Michael Kothke

Associate Professor of Practice in Architecture

Headshot of Michael Kothke

MICHAEL'S PANEL DISCUSSION: Make Every Drop Count: Kirk Dimond, Aletheia Ida and Michael Kothke

What can architecture and landscape architecture research and design practices in the Sonoran Desert teach us about environmentally sensitive built spaces across the globe? How can we build smarter and in alignment with the natural world to minimize our impact? Moderated by John Malmborg. 
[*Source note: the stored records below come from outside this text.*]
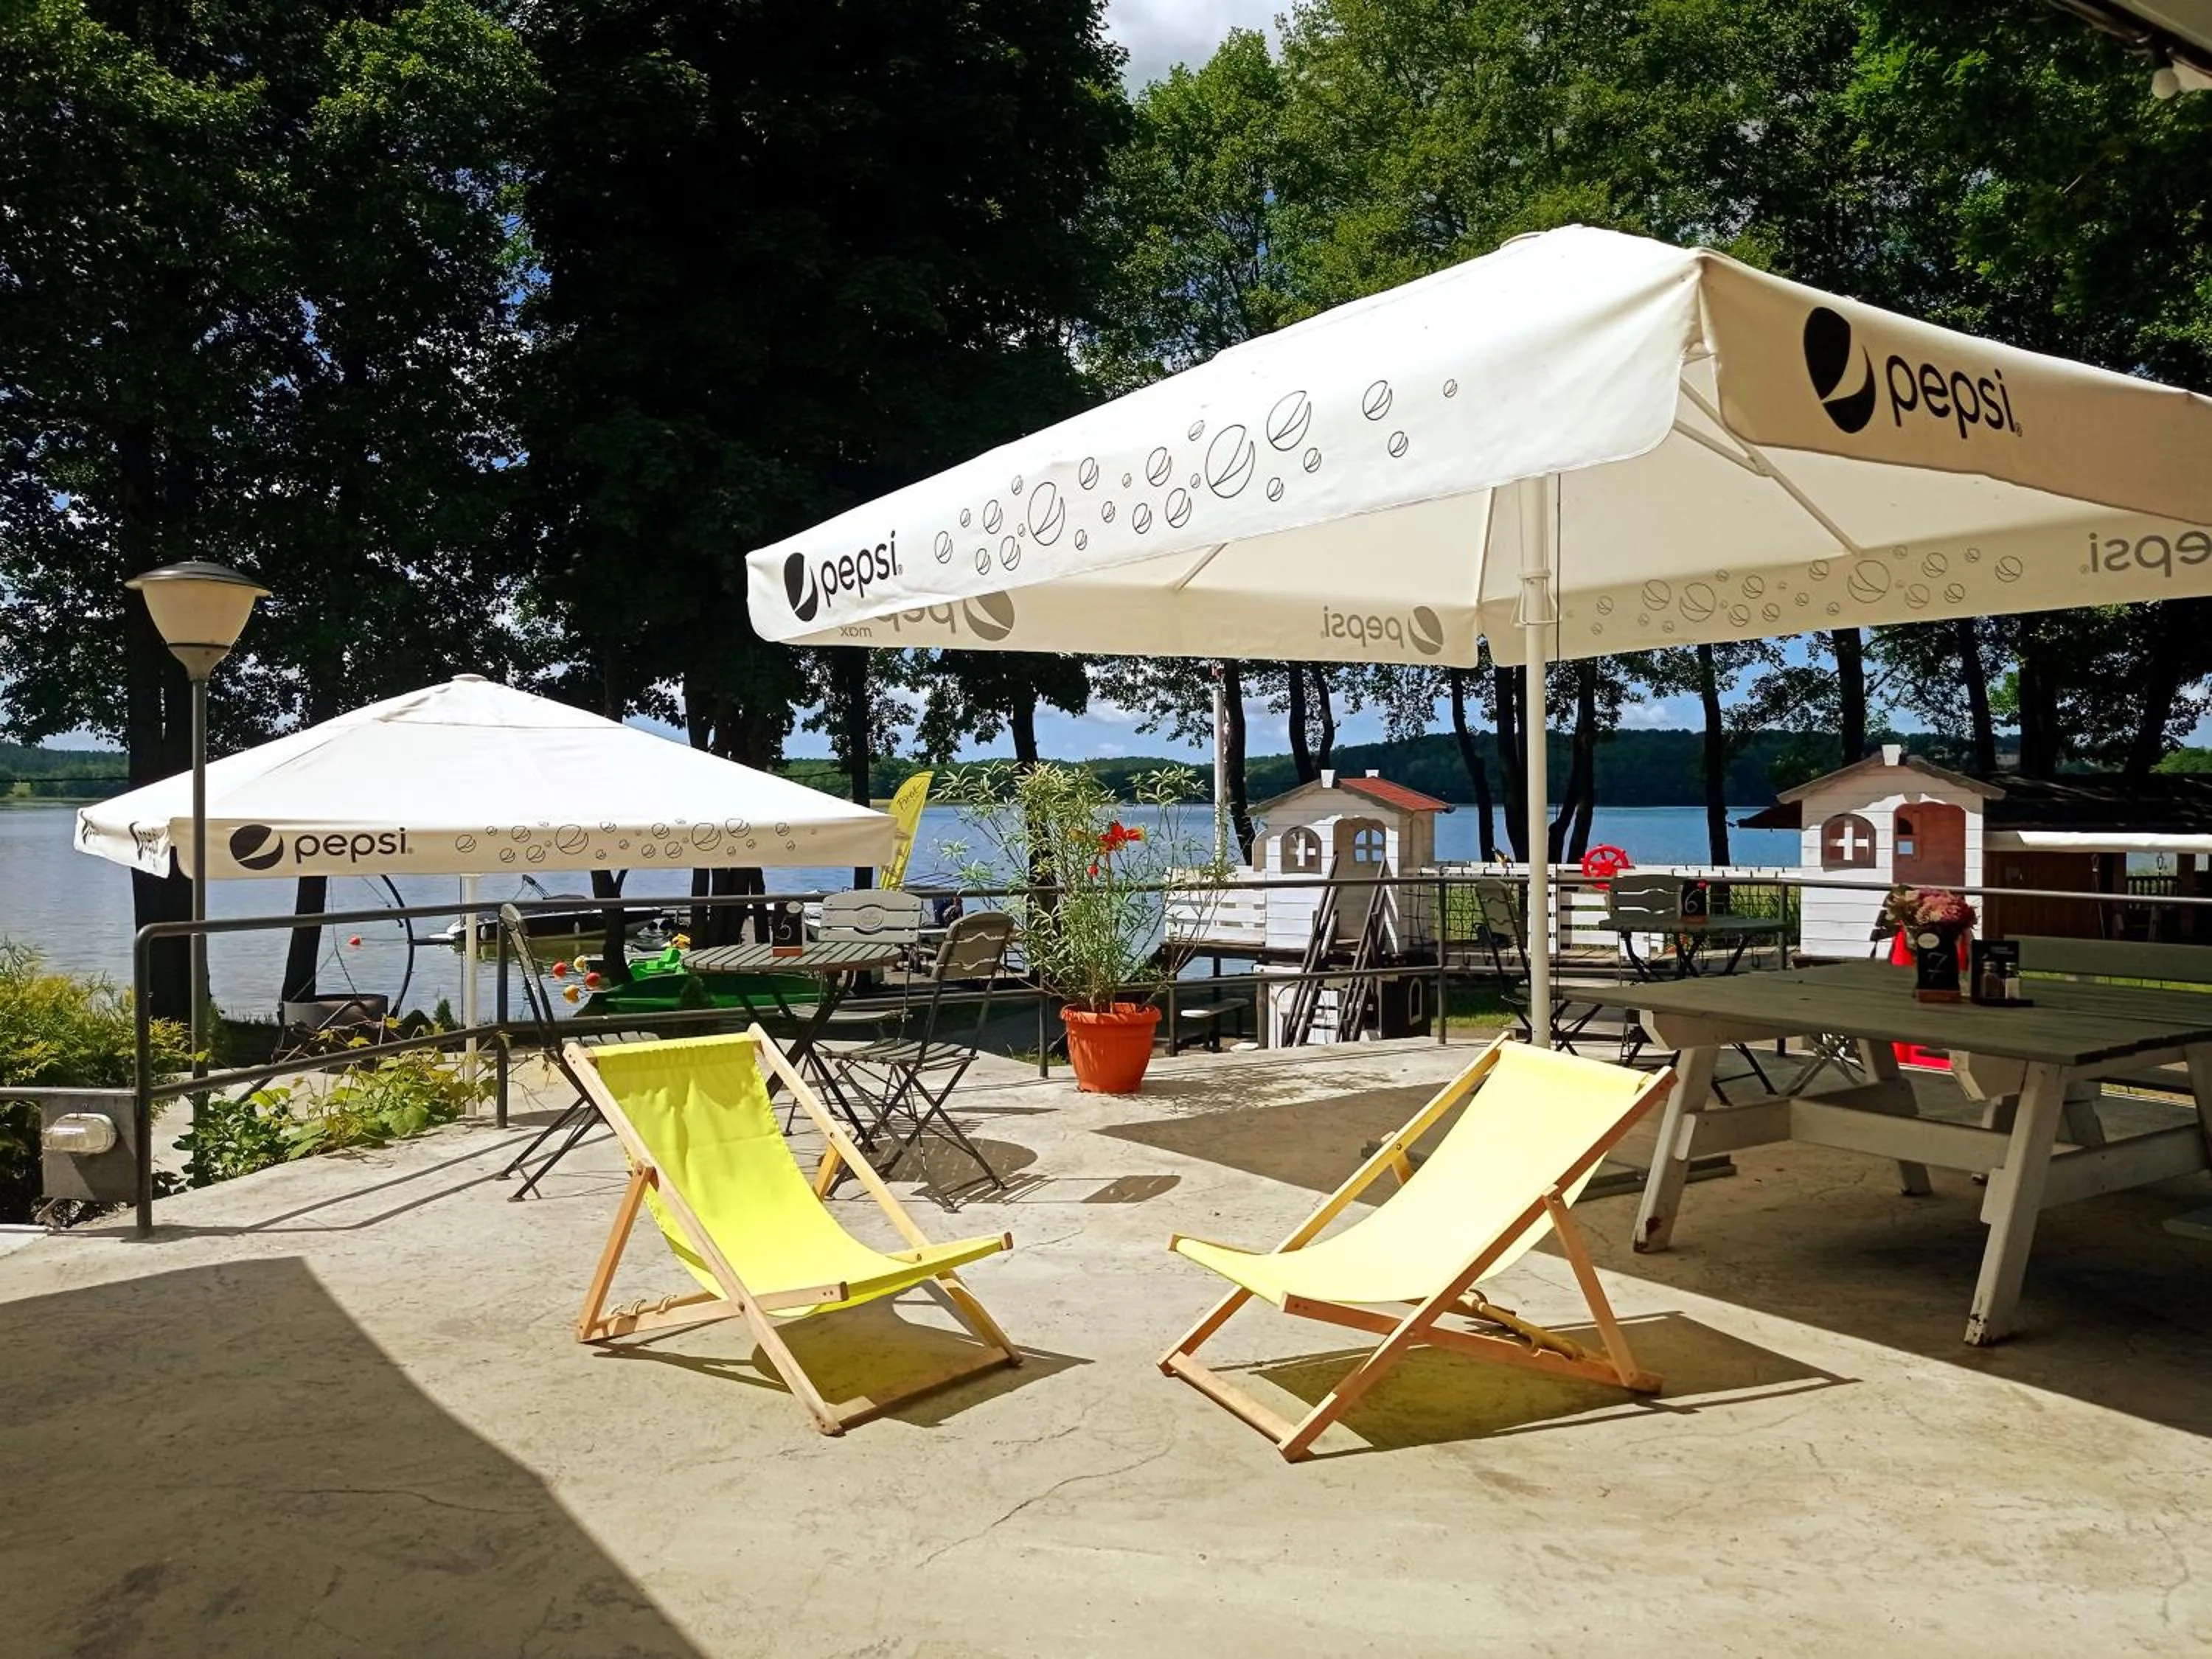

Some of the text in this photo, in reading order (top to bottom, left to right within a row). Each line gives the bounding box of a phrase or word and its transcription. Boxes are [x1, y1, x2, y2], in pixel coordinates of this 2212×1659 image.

[1886, 355, 2015, 439] pepsi
[821, 529, 897, 608] pepsi
[295, 827, 408, 863] pepsi
[1685, 889, 1702, 914] 6
[775, 914, 793, 940] 5
[1927, 951, 1948, 981] 7
Michael Kothke is a licensed architect with over 20 years of experience as a designer and project-architect. He has contributed to award winning projects for architectural firms in Canada and the United States, including the offices of Patkau Architects, Peter Cardew Architects, Leddy Maytum Stacy Architects, Skidmore Owings and Merrill (SOM) and Rick Joy Architects. Michael has also been an advocate for sustainable design, working with private development firms in Tucson to implement green building practices and deliver sustainable residential infill solutions to Southern Arizona. Michael is a principal at HK Associates Inc., 2019 Golden Novum Design Award for Barrio Historico House.

Michael holds a Master of Architecture degree from Dalhousie University. He is a Lecturer at the University of Arizona College of Architecture, Planning & Landscape Architecture, and is the Coordinator of the Arc401 and Arc102 foundation studios as well as the Internship and IDP coordinator.

Research and Expertise

Spanning a broad range of project types and scales, Michael's research is rooted in architectural design and the coordinative and collaborative processes that it requires. Building on Michael's passion for drawing and graphic communication, his work reflects a commitment to a high level of rigor and execution that utilizes both hand and digital methodologies to communicate with multiple disciplines and synthesize building systems, construction assemblies, and programmatic and performance requirements.

As a studio instructor, Michael's priority is to critically engage students and their projects at the intersection of thinking and making as the foundation for broader design exploration.